━━━━━ Study material
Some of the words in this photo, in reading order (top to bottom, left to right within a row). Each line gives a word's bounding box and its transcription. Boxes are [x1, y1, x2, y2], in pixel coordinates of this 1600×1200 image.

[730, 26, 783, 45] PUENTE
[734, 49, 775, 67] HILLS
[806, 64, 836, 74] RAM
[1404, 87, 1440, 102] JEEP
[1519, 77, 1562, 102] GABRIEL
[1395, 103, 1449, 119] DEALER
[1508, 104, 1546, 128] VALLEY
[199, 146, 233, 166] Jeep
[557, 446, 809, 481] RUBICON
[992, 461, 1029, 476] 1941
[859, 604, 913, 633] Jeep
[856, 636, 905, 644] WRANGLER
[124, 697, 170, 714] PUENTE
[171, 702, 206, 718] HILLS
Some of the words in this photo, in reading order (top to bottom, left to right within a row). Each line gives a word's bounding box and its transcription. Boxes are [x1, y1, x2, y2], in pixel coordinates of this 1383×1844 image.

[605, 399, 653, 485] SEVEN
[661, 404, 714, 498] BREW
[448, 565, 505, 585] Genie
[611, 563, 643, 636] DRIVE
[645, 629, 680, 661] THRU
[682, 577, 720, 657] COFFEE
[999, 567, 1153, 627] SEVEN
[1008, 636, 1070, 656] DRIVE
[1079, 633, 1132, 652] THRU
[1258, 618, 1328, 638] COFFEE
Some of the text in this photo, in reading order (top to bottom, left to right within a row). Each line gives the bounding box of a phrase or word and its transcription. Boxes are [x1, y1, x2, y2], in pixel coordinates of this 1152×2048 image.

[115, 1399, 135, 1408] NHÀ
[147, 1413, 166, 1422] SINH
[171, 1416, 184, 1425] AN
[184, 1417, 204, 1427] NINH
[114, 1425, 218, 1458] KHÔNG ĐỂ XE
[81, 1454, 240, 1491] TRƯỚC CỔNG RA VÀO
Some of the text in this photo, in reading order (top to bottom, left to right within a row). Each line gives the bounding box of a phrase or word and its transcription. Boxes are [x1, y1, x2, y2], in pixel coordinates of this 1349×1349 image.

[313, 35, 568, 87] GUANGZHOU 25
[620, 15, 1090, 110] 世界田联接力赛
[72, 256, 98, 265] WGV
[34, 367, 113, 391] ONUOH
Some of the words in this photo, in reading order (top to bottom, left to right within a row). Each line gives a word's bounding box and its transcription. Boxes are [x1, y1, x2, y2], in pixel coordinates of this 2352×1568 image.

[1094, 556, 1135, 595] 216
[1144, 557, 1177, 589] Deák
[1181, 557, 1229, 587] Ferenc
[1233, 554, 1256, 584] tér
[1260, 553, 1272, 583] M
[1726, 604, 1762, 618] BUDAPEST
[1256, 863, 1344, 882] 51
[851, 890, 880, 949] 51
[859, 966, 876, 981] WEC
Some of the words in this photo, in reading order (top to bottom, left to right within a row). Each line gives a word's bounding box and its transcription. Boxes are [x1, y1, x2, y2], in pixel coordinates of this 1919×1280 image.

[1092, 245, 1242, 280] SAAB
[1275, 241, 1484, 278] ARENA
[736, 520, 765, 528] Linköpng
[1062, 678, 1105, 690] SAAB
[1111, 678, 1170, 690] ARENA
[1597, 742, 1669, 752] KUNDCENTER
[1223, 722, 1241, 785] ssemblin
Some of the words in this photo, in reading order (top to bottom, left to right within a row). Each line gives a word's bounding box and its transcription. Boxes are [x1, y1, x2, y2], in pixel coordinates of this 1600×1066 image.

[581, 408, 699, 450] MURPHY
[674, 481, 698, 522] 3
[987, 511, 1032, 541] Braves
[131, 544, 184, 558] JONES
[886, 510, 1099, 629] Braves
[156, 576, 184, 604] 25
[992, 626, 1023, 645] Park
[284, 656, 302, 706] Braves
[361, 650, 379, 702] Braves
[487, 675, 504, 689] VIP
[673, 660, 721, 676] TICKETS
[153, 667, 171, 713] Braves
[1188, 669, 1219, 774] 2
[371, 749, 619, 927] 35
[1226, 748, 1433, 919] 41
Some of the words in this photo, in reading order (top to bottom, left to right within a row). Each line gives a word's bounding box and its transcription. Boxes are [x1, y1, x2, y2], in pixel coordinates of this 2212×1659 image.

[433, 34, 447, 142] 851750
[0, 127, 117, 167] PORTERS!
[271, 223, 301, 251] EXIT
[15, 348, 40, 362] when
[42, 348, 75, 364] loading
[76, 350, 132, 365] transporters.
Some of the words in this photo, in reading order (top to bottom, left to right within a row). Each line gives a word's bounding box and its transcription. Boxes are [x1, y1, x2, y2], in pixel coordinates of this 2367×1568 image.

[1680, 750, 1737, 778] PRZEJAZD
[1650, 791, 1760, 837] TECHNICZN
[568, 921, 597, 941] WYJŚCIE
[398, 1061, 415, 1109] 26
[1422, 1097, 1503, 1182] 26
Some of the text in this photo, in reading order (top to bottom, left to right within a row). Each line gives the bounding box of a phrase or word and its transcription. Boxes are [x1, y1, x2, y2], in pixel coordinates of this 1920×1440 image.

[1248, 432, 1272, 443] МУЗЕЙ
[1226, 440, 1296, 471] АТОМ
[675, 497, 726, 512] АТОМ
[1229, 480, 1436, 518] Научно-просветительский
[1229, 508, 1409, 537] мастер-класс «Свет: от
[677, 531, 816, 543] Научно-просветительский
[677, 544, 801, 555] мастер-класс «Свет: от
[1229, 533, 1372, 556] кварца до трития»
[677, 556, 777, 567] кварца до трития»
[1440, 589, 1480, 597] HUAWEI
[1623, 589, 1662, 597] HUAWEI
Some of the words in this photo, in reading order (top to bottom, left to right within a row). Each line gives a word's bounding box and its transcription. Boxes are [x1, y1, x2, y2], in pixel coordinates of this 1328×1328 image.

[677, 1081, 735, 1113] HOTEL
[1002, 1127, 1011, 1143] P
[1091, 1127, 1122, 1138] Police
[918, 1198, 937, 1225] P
━━━━━━━━━━
_Task goal_
Every entry must appear in the answer, reproduced exactly.

_Solved problem_
Some of the words in this photo, in reading order (top to bottom, left to right within a row). Each line gives a word's bounding box and its transcription. Boxes are [x1, y1, x2, y2], in pixel coordinates of this 1600×1200 image.

[730, 26, 783, 45] PUENTE
[734, 49, 775, 67] HILLS
[806, 64, 836, 74] RAM
[1404, 87, 1440, 102] JEEP
[1519, 77, 1562, 102] GABRIEL
[1395, 103, 1449, 119] DEALER
[1508, 104, 1546, 128] VALLEY
[199, 146, 233, 166] Jeep
[557, 446, 809, 481] RUBICON
[992, 461, 1029, 476] 1941
[859, 604, 913, 633] Jeep
[856, 636, 905, 644] WRANGLER
[124, 697, 170, 714] PUENTE
[171, 702, 206, 718] HILLS
Some of the words in this photo, in reading order (top to bottom, left to right within a row). Each line gives a word's bounding box and its transcription. Boxes are [x1, y1, x2, y2], in pixel coordinates of this 1383×1844 image.

[605, 399, 653, 485] SEVEN
[661, 404, 714, 498] BREW
[448, 565, 505, 585] Genie
[611, 563, 643, 636] DRIVE
[645, 629, 680, 661] THRU
[682, 577, 720, 657] COFFEE
[999, 567, 1153, 627] SEVEN
[1008, 636, 1070, 656] DRIVE
[1079, 633, 1132, 652] THRU
[1258, 618, 1328, 638] COFFEE
Some of the text in this photo, in reading order (top to bottom, left to right within a row). Each line gives the bounding box of a phrase or word and its transcription. Boxes are [x1, y1, x2, y2], in pixel coordinates of this 1152×2048 image.

[115, 1399, 135, 1408] NHÀ
[147, 1413, 166, 1422] SINH
[171, 1416, 184, 1425] AN
[184, 1417, 204, 1427] NINH
[114, 1425, 218, 1458] KHÔNG ĐỂ XE
[81, 1454, 240, 1491] TRƯỚC CỔNG RA VÀO
Some of the text in this photo, in reading order (top to bottom, left to right within a row). Each line gives the bounding box of a phrase or word and its transcription. Boxes are [x1, y1, x2, y2], in pixel coordinates of this 1349×1349 image.

[313, 35, 568, 87] GUANGZHOU 25
[620, 15, 1090, 110] 世界田联接力赛
[72, 256, 98, 265] WGV
[34, 367, 113, 391] ONUOH
Some of the words in this photo, in reading order (top to bottom, left to right within a row). Each line gives a word's bounding box and its transcription. Boxes are [x1, y1, x2, y2], in pixel coordinates of this 2352×1568 image.

[1094, 556, 1135, 595] 216
[1144, 557, 1177, 589] Deák
[1181, 557, 1229, 587] Ferenc
[1233, 554, 1256, 584] tér
[1260, 553, 1272, 583] M
[1726, 604, 1762, 618] BUDAPEST
[1256, 863, 1344, 882] 51
[851, 890, 880, 949] 51
[859, 966, 876, 981] WEC
Some of the words in this photo, in reading order (top to bottom, left to right within a row). Each line gives a word's bounding box and its transcription. Boxes are [x1, y1, x2, y2], in pixel coordinates of this 1919×1280 image.

[1092, 245, 1242, 280] SAAB
[1275, 241, 1484, 278] ARENA
[736, 520, 765, 528] Linköpng
[1062, 678, 1105, 690] SAAB
[1111, 678, 1170, 690] ARENA
[1597, 742, 1669, 752] KUNDCENTER
[1223, 722, 1241, 785] ssemblin
Some of the words in this photo, in reading order (top to bottom, left to right within a row). Each line gives a word's bounding box and its transcription. Boxes are [x1, y1, x2, y2], in pixel coordinates of this 1600×1066 image.

[581, 408, 699, 450] MURPHY
[674, 481, 698, 522] 3
[987, 511, 1032, 541] Braves
[131, 544, 184, 558] JONES
[886, 510, 1099, 629] Braves
[156, 576, 184, 604] 25
[992, 626, 1023, 645] Park
[284, 656, 302, 706] Braves
[361, 650, 379, 702] Braves
[487, 675, 504, 689] VIP
[673, 660, 721, 676] TICKETS
[153, 667, 171, 713] Braves
[1188, 669, 1219, 774] 2
[371, 749, 619, 927] 35
[1226, 748, 1433, 919] 41
Some of the words in this photo, in reading order (top to bottom, left to right within a row). Each line gives a word's bounding box and its transcription. Boxes are [x1, y1, x2, y2], in pixel coordinates of this 2212×1659 image.

[433, 34, 447, 142] 851750
[0, 127, 117, 167] PORTERS!
[271, 223, 301, 251] EXIT
[15, 348, 40, 362] when
[42, 348, 75, 364] loading
[76, 350, 132, 365] transporters.
Some of the words in this photo, in reading order (top to bottom, left to right within a row). Each line gives a word's bounding box and its transcription. Boxes are [x1, y1, x2, y2], in pixel coordinates of this 2367×1568 image.

[1680, 750, 1737, 778] PRZEJAZD
[1650, 791, 1760, 837] TECHNICZN
[568, 921, 597, 941] WYJŚCIE
[398, 1061, 415, 1109] 26
[1422, 1097, 1503, 1182] 26
Some of the text in this photo, in reading order (top to bottom, left to right within a row). Each line gives the bounding box of a phrase or word and its transcription. Boxes are [x1, y1, x2, y2], in pixel coordinates of this 1920×1440 image.

[1248, 432, 1272, 443] МУЗЕЙ
[1226, 440, 1296, 471] АТОМ
[675, 497, 726, 512] АТОМ
[1229, 480, 1436, 518] Научно-просветительский
[1229, 508, 1409, 537] мастер-класс «Свет: от
[677, 531, 816, 543] Научно-просветительский
[677, 544, 801, 555] мастер-класс «Свет: от
[1229, 533, 1372, 556] кварца до трития»
[677, 556, 777, 567] кварца до трития»
[1440, 589, 1480, 597] HUAWEI
[1623, 589, 1662, 597] HUAWEI
Some of the words in this photo, in reading order (top to bottom, left to right within a row). Each line gives a word's bounding box and its transcription. Boxes are [x1, y1, x2, y2], in pixel coordinates of this 1328×1328 image.

[677, 1081, 735, 1113] HOTEL
[1002, 1127, 1011, 1143] P
[1091, 1127, 1122, 1138] Police
[918, 1198, 937, 1225] P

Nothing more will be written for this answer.